Everard’s face turned grim. “It was exactly as you said. He came home to find his wife murdered and his son stolen. For months he went to the teahouse, watched Derog, and plotted his revenge. Reynald was always a careful man. He calculated his risks. Had Derog left the house, he might have cornered him on the streets, but the slaver never stepped foot outside of it. Reynald didn’t know for certain how many people were inside the estate, if they had children that could’ve been taken hostage, or if Matheo was still in there.”

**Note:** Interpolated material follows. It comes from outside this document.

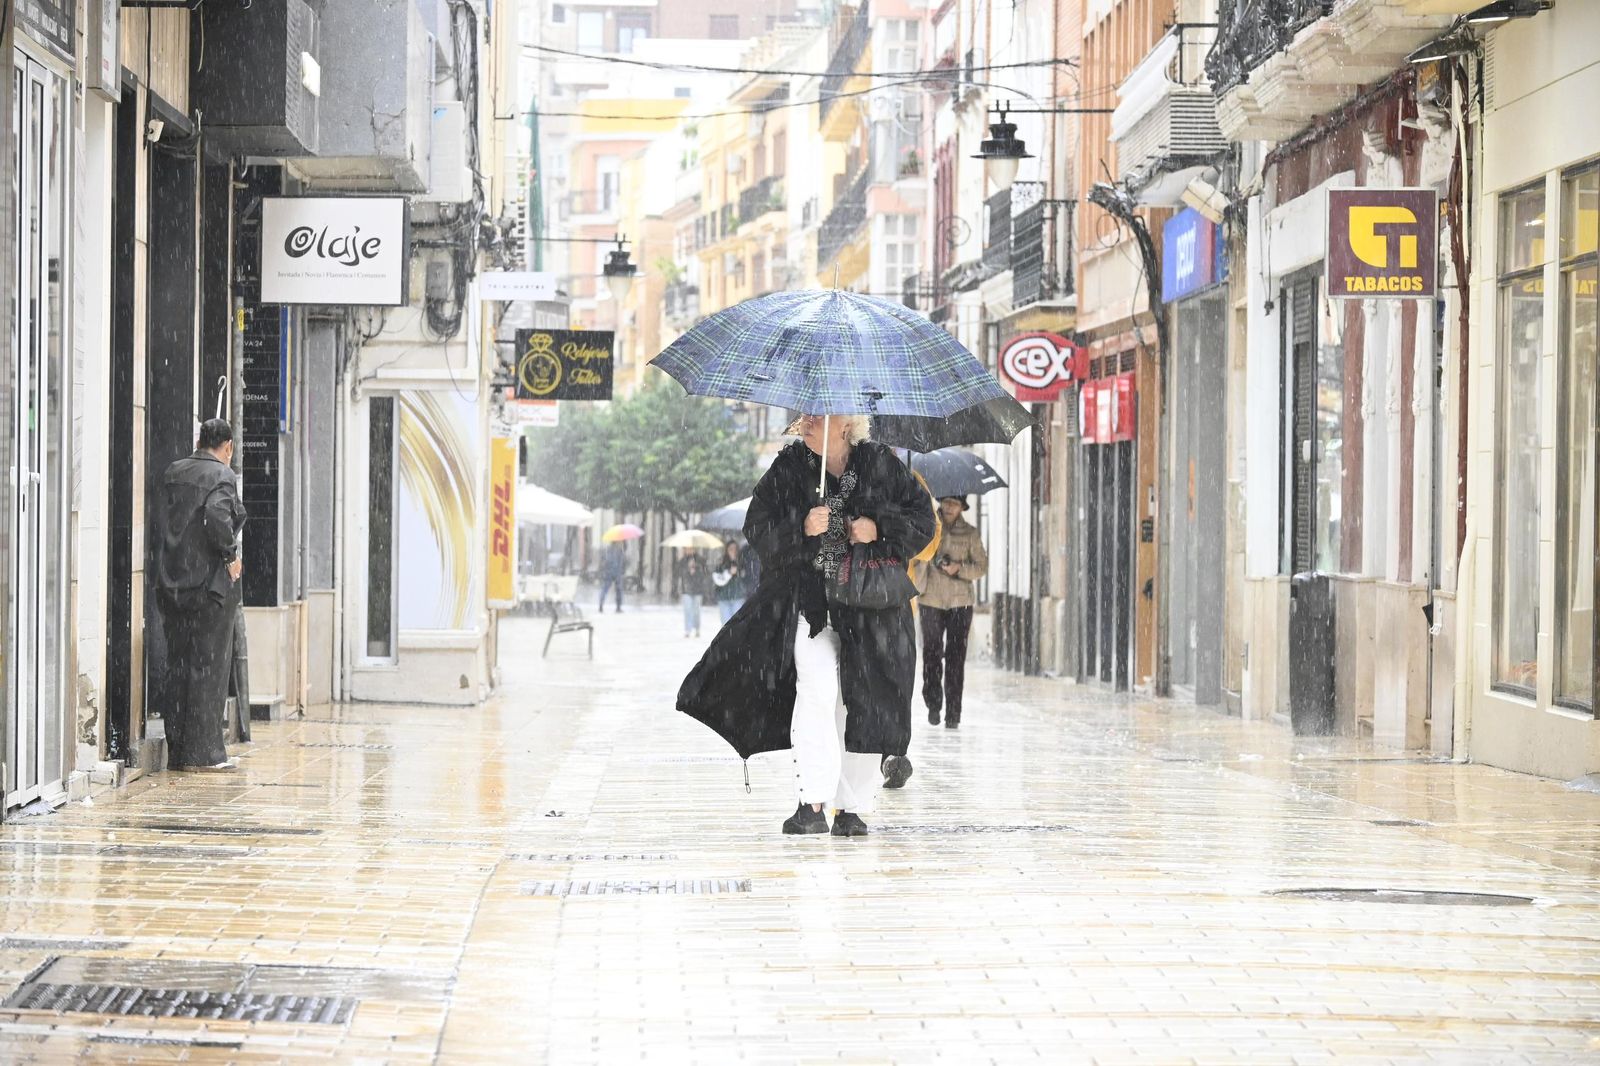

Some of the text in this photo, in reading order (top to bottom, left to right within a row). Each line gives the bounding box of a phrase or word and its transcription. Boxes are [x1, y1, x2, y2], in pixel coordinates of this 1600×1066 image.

That did sound like Reynald.

“He dug around and found that Derog had paid bribes to the right people. He was protected. They wouldn’t stick their necks out for Derog, but they wouldn’t make a move against him either. An official complaint would be useless, and a direct assault by himself was impossible. Reynald needed to borrow someone’s power and resources to enter the place.”

“And he sought to borrow yours?”

Everard nodded. “He could’ve have just written, but it was the kind of favor he wanted to ask for in person. He left the city and was on his way to me when Striver collapsed.”

How could that have happened? “Did someone shoot at them?”

“No.”

“Do horses just die like that?”

“Sometimes.”

I hugged myself.

“There was no sign of foul play,” he said, his voice suffused with sadness. “The stallion was old, and his heart had simply stopped. Striver was a Jekran warhorse, loyal to a fault. They will run themselves to death for the sake of their riders. Reynald’s mind was on Matheo and what he would say to me. He hadn’t noticed anything was wrong until Striver went down. He’d fallen badly, hit his head, and the stallion’s bulk pinned him to the ground. A random, stupid twist of fate.”

So he just lay there, pinned down and hurt? “Did anyone find him?”

“Eventually. He had set out before sunrise, and it wasn’t a well-traveled road. They brought Reynald to the nearest village, two hours from Kair Toren. He knew the end was near, so from his deathbed he bundled his possessions into a pack, found a willing courier, and told them he was one of my men and I was expecting the package. His sword would be the proof I needed. The courier happened to work for the Shears, and he took it straight to Solentine.”